Records for this exercise =
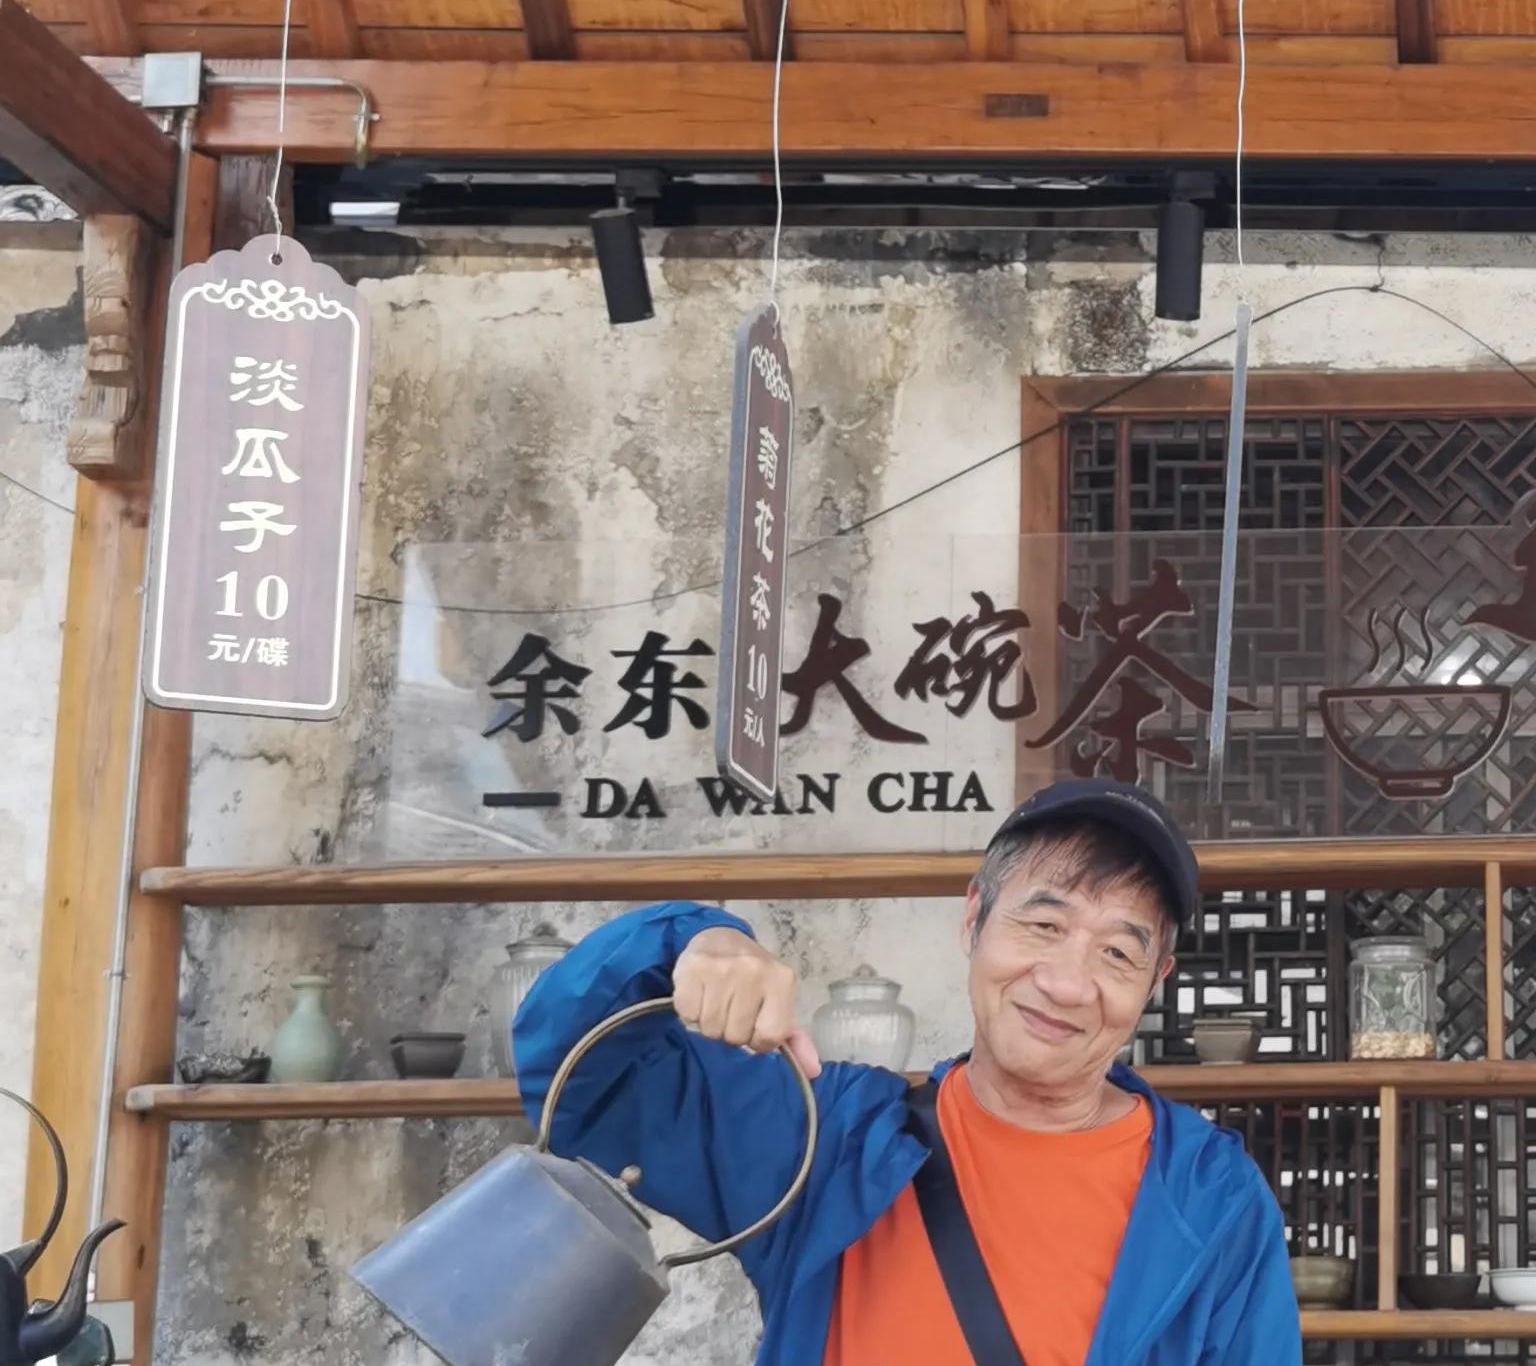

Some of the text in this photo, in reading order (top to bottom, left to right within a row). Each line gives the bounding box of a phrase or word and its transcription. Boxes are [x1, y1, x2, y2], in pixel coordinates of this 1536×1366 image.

[219, 355, 304, 554] 淡瓜子
[215, 571, 290, 621] 10
[206, 632, 291, 668] 元/碟
[747, 644, 769, 701] 10
[580, 777, 667, 820] DA
[868, 769, 995, 815] CHA

Prompt =
Retype every entry above exactly and, please, skip the pictures.

Task response =
Some of the text in this photo, in reading order (top to bottom, left to right within a row). Each line gives the bounding box of a phrase or word and its transcription. Boxes are [x1, y1, x2, y2], in pixel coordinates of this 1536×1366 image.

[219, 355, 304, 554] 淡瓜子
[215, 571, 290, 621] 10
[206, 632, 291, 668] 元/碟
[747, 644, 769, 701] 10
[580, 777, 667, 820] DA
[868, 769, 995, 815] CHA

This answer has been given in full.